Task material:
=== Begin Enclosure ===

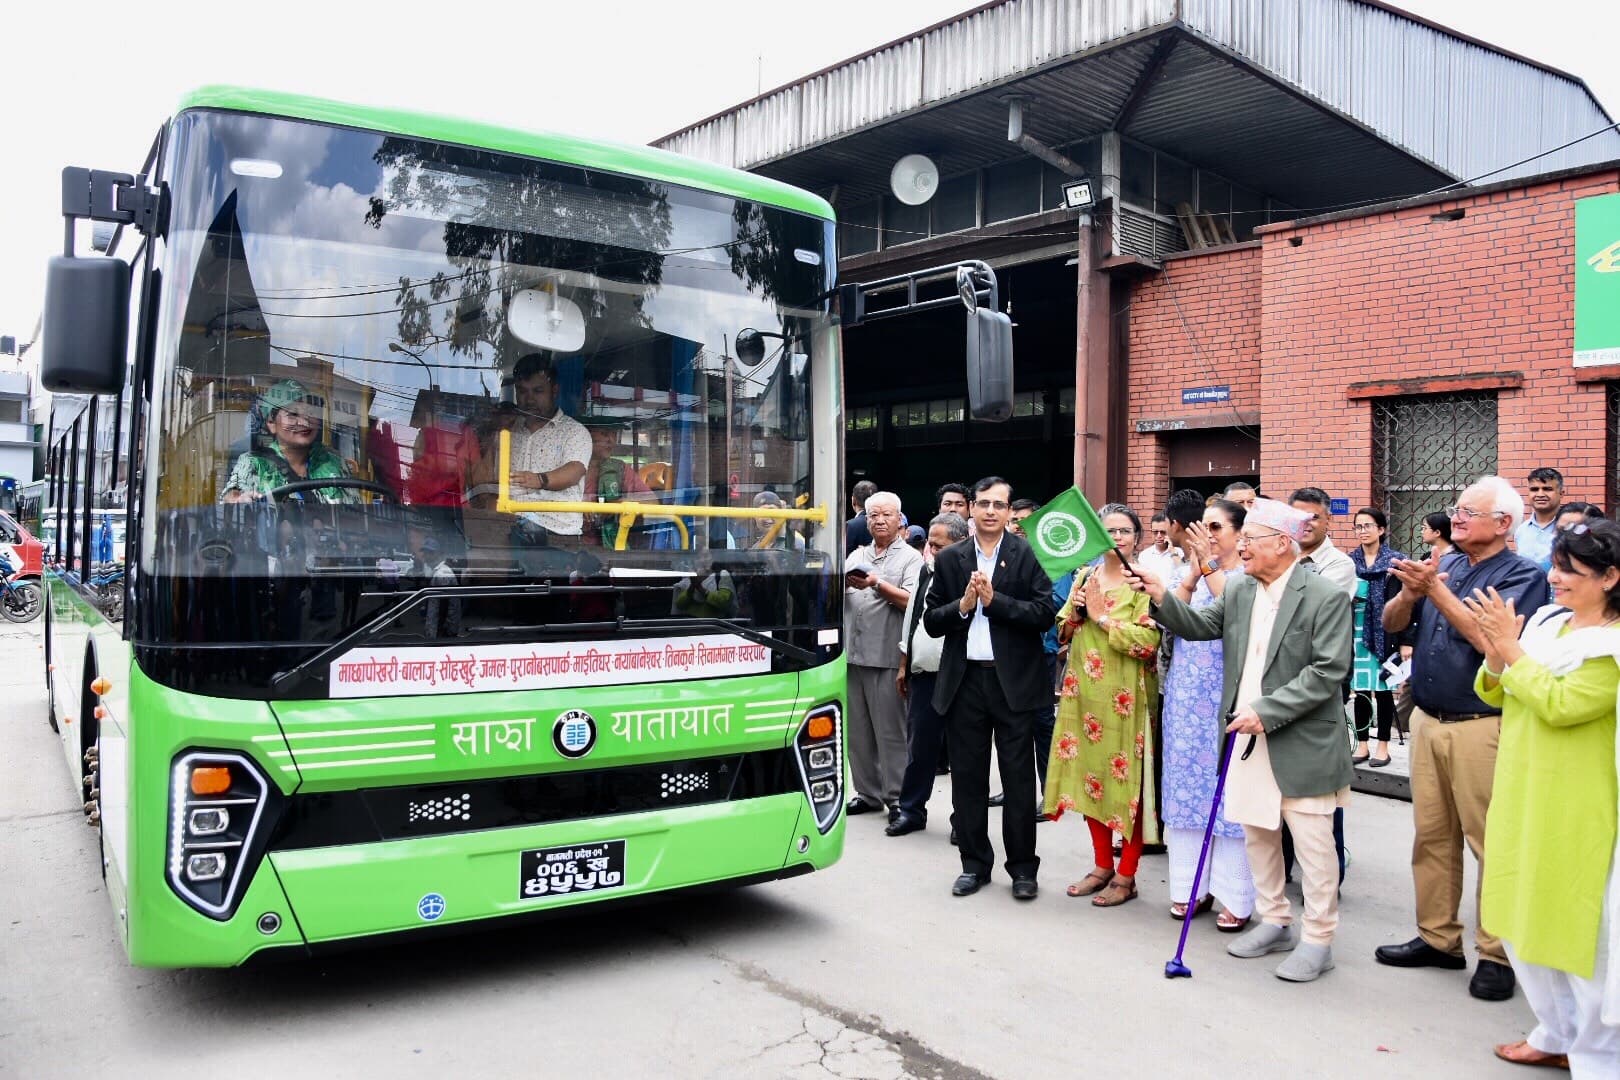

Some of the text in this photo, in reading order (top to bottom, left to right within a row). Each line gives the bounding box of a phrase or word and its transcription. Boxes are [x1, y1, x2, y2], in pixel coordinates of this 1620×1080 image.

[401, 661, 436, 686] बालाजु
[479, 659, 506, 678] जमल
[451, 704, 734, 756] साझा यातायात
[586, 856, 610, 871] ख
[525, 870, 621, 895] ४५५७
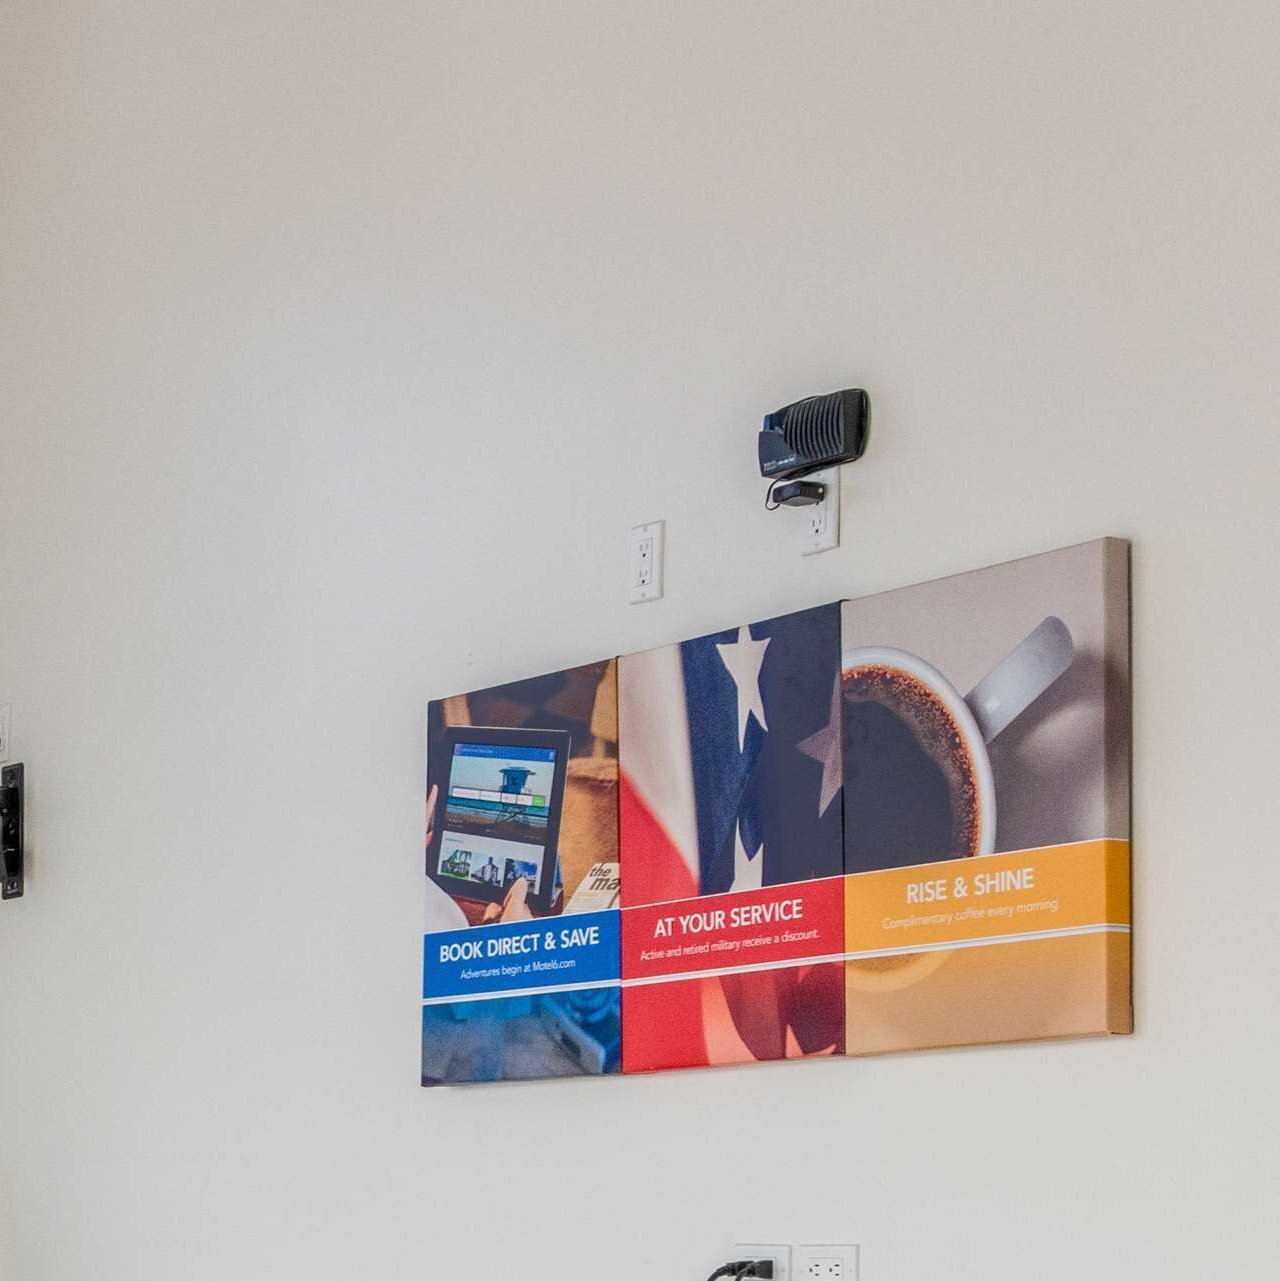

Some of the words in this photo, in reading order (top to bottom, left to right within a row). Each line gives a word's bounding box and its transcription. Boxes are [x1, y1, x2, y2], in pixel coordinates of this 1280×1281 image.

[906, 880, 947, 904] RISE
[953, 877, 968, 898] &
[974, 867, 1034, 896] SHINE
[653, 917, 675, 938] AT
[678, 911, 726, 934] YOUR
[730, 899, 803, 928] SERVICE
[882, 911, 954, 931] Complimentary
[955, 907, 986, 921] coffee
[987, 905, 1015, 918] every
[439, 940, 484, 963] BOOK
[487, 934, 541, 957] DIRECT
[544, 932, 556, 950] &
[560, 926, 600, 949] SAVE
[640, 949, 665, 961] Active
[665, 946, 682, 957] and
[682, 942, 710, 955] retired
[711, 939, 741, 953] military
[742, 935, 773, 948] receive
[460, 965, 501, 980] Adventures
[501, 965, 523, 978] begin
[523, 964, 532, 973] at
[532, 959, 576, 972] Motel6.com
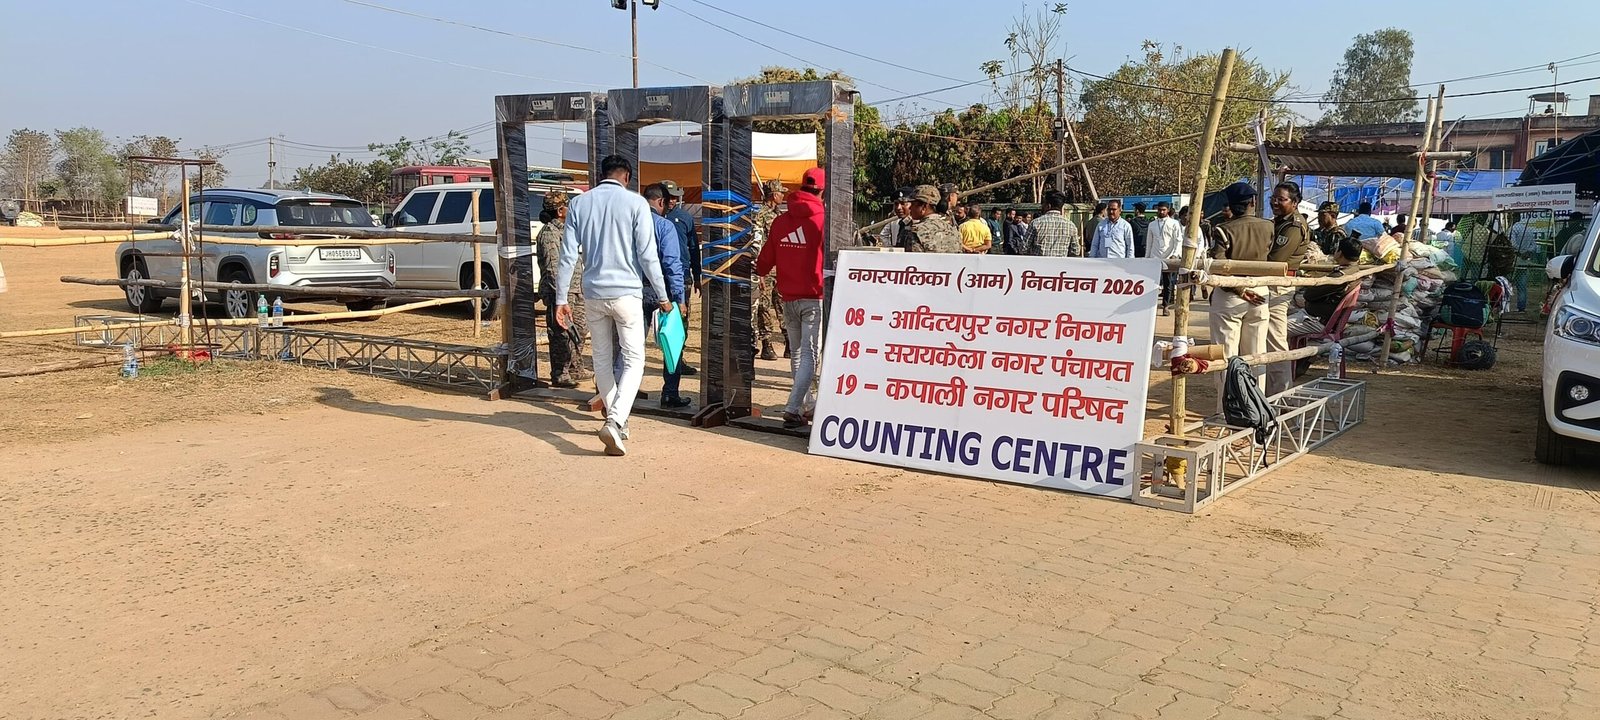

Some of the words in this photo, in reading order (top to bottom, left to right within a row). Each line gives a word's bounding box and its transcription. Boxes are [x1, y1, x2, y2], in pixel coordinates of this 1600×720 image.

[848, 266, 951, 288] नगरपालिका
[956, 267, 1013, 296] (आम)
[1021, 270, 1098, 294] निर्वाचन
[1102, 279, 1145, 296] 2026
[845, 308, 865, 326] 08
[889, 305, 992, 342] आदित्यपुर
[996, 316, 1049, 339] नगर
[1055, 314, 1126, 344] निगम
[841, 341, 860, 360] 18
[884, 342, 986, 369] सरायकेला
[991, 352, 1047, 375] नगर
[1051, 349, 1134, 383] पंचायत
[836, 375, 857, 395] 19
[886, 377, 967, 407] कपाली
[973, 385, 1037, 414] नगर
[1042, 387, 1129, 424] परिषद
[820, 415, 982, 466] COUNTING
[991, 435, 1128, 486] CENTRE
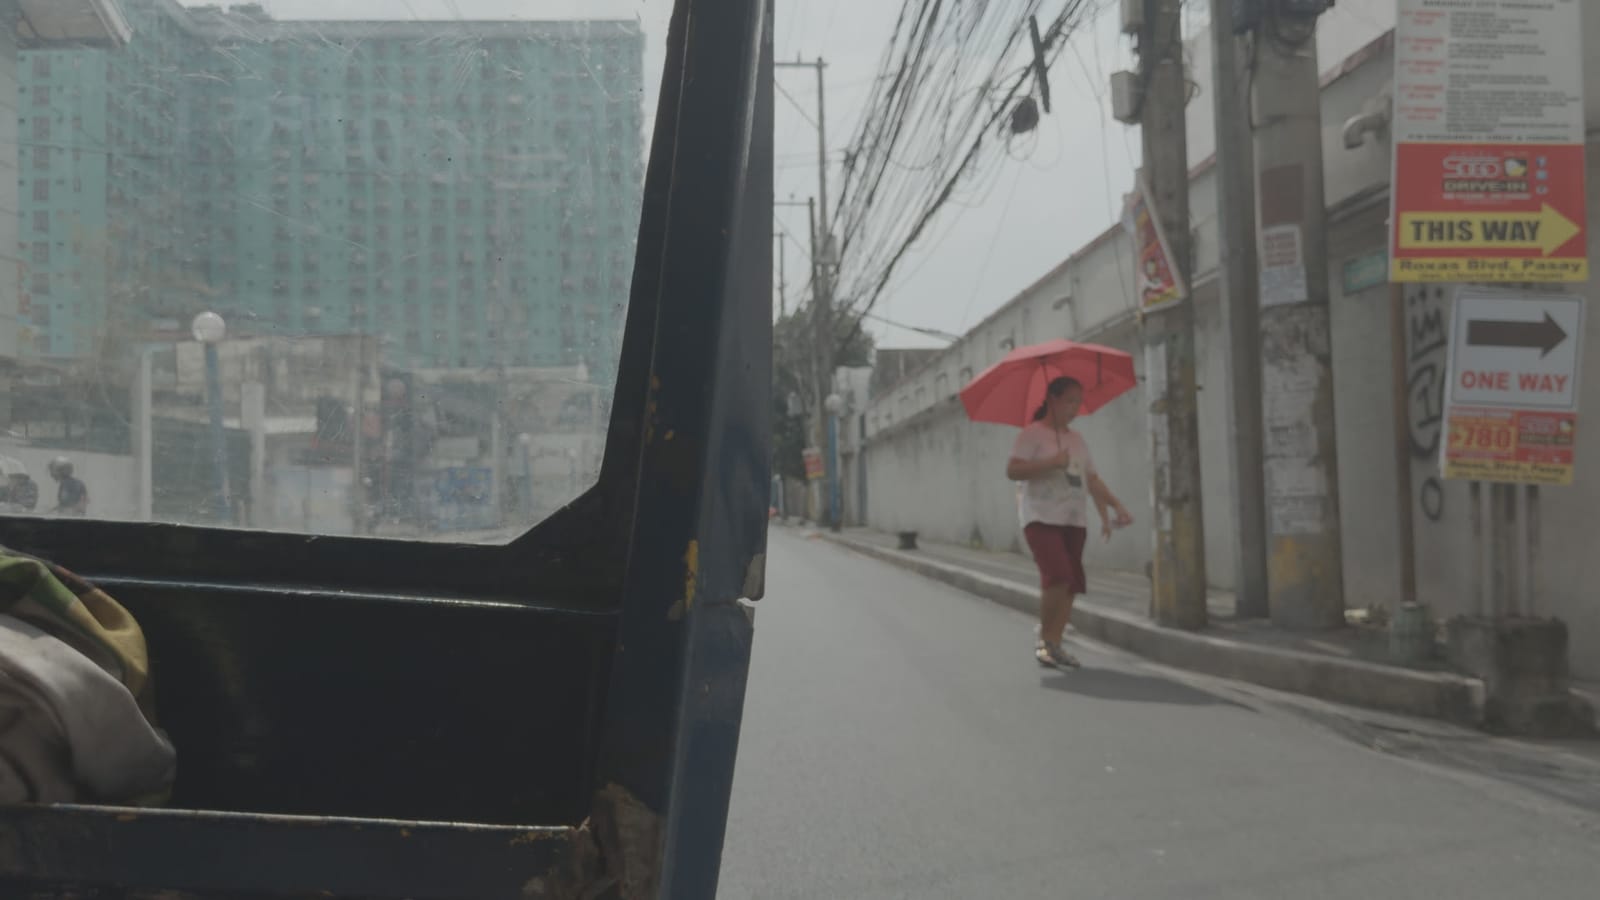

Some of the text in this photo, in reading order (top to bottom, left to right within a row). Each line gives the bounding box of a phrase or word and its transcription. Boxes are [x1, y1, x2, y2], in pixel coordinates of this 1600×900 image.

[1410, 220, 1541, 241] THIS WAY
[1400, 259, 1459, 271] Roxas
[1522, 260, 1581, 273] Pasay
[1460, 370, 1569, 393] ONE WAY

=== End Enclosure ===

What needs to be done: From the line holding "this 1600×900 image." through the final line of the data above, copy every line exactly as written. Include nothing else.

Solution to this exercise:
Some of the text in this photo, in reading order (top to bottom, left to right within a row). Each line gives the bounding box of a phrase or word and its transcription. Boxes are [x1, y1, x2, y2], in pixel coordinates of this 1600×900 image.

[1410, 220, 1541, 241] THIS WAY
[1400, 259, 1459, 271] Roxas
[1522, 260, 1581, 273] Pasay
[1460, 370, 1569, 393] ONE WAY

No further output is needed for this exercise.